In einem ersten Schritt wurden hierzu die zuvor auf mehrere Vorstandsressorts aufgeteilten „Unterstützungsfunktionen“ in einer Querschnittsaufgabe gebündelt und im Rahmen der organisatorischen Neuaufstellung zum 1. November 2012 die neue Funktion des Chief Operating Officer (COO) mit eigenem Vorstandsressort (Operating Office) geschaffen. Innerhalb des Operating Office übernimmt der im Dezember 2012 gegründete Bereich Organisationsentwicklung die Kernaufgabe, die Bank und ihre Betriebsabläufe noch intensiver auf eine Kundenfokussierung auszurichten und eine ressortübergreifende Überprüfung der bestehenden Arbeits- und Produktionsprozesse durchzuführen. Neben der Optimierung der Kernprozesse wird mit dem Ziel der Kostensenkung auch eine gezielte und zentralisierte Investitions- und Projektsteuerung initiiert. Die Trennung der Aktivitäten der BayernLB in Kern- und Nicht-Kerngeschäft sowie die modifizierte Kundenausrichtung im internationalen Geschäft erfordern aufbau- und ablauforganisatorische Anpassungen, welche die Bank im Laufe des nächsten Jahres vornehmen muss.
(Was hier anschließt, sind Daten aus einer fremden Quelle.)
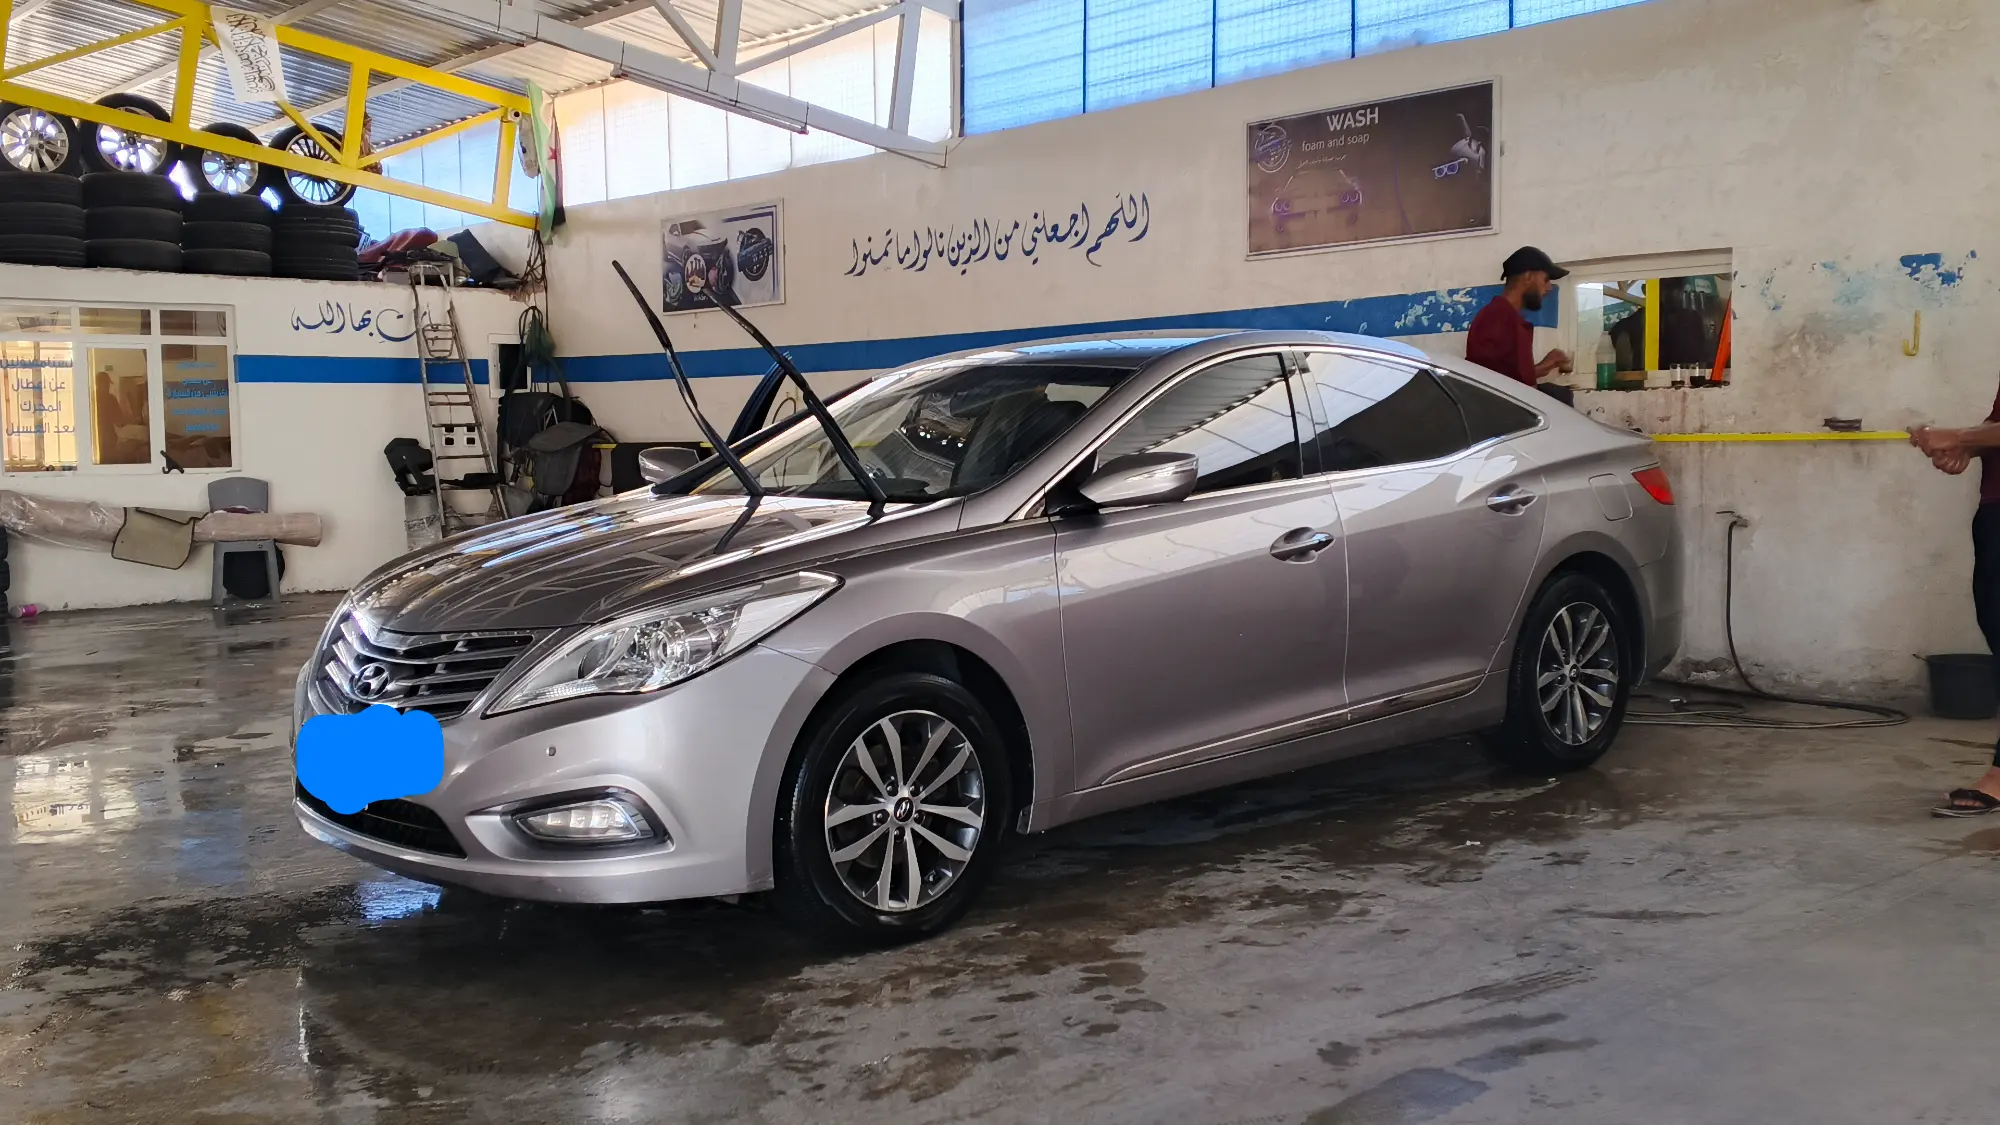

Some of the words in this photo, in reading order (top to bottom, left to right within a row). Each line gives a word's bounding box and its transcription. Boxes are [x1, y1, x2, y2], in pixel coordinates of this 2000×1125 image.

Die Ansiedlung des Bereichs Organisationsentwicklung in Nachbarschaft der Bereiche Personal, IT und Back Office in einem Vorstandsressort geben dem COO die Möglichkeit sämtliche Ressourcen optimal auf die zukünftige BayernLB auszurichten.

Fortsetzung der erfolgreichen Abbaubemühungen

Neben vorgenannten Strukturmaßnahmen setzt die BayernLB ihre geplante und bereits ein gutes Stück vorangeschrittene Verkleinerung, u. a. durch die Veräußerungen weiterer Beteiligungen, fort. Die Abgabe der LBS Bayern an die bayerischen Sparkassen erfolgte zum Jahresende 2012. Den Verkaufsprozess für die Anteile an der Wohnungsbaugesellschaft GBW AG startete die BayernLB Mitte Oktober 2012, im Rahmen dessen zahlreiche Unternehmen aus dem In- und Ausland ihr Interesse am Erwerb bekundeten, sodass derzeit von einem Abschluss der Transaktion im Frühjahr 2013 (Signing) ausgegangen werden kann. Im Januar 2013 trennte sich die Bank zudem von ihren Anteilen an der Deutschen Lufthansa AG und leitete den Veräußerungsprozess für ihre Tochtergesellschaft in Luxemburg (LBLux) ein. Die Bereinigung des Beteiligungsportfolios wird im weiteren Verlauf des Jahres 2013 fortgesetzt; gleiches gilt für die bereits laufenden Maßnahmen zur Restrukturierung der Tochtergesellschaft MKB Bank Zrt. in Ungarn.

Im Zuge einer Neusegmentierung – mit klarer Trennung zwischen Kern- und Nicht-Kerngeschäftssegmenten – bildet die BayernLB ihr neues, auf dem EU-Entscheid fußendes Geschäftsmodell seit 1. Januar 2013 durchgängig sowohl organisatorisch als auch in ihrer externen Berichterstattung entsprechend ab. Die DKB wurde aus dem bisherigen Segment Corporates, Mittelstand & Privatkunden herausgelöst und wird nun als eigenes Segment gezeigt, was die bedeutende Rolle der DKB innerhalb des BayernLB-Konzerns unterstreicht. Die Bank wird in ihrer Berichterstattung als auch in ihrer organisatorischen Aufstellung vollständig diejenigen Geschäftsaktivitäten abgrenzen, die im Zuge der weiteren Neuausrichtung eingestellt oder veräußert werden sollen.

Die Bank setzt hierbei auf der bereits seit Mitte 2009 bestehenden internen Restructuring Unit (RU) auf, in welcher bereits eine Vielzahl von Nicht-Kernkredit- und Wertpapierportfolios gebündelt sind und deren Abbau seitdem erfolgreich vorangetrieben wurde. Hierzu zählen auch Geschäfte, die zwar angemessene Renditen erwirtschaften, aber nicht mehr zur neuen Ausrichtung der Bank passen. Die bisherige RU wird in dem neuen Segment Nicht-Kerngeschäft – Non Core Unit (NCU) aufgehen. Zu diesem Segment gehören seit 1. Januar 2013 auch alle Beteiligungen, von denen sich die BayernLB entsprechend der EU-Verpflichtungen trennen muss sowie weitere Geschäftsaktivitäten, die durchaus werthaltig sind, aber auf Grund der EU-Entscheidung nicht dauerhaft fortgeführt werden können.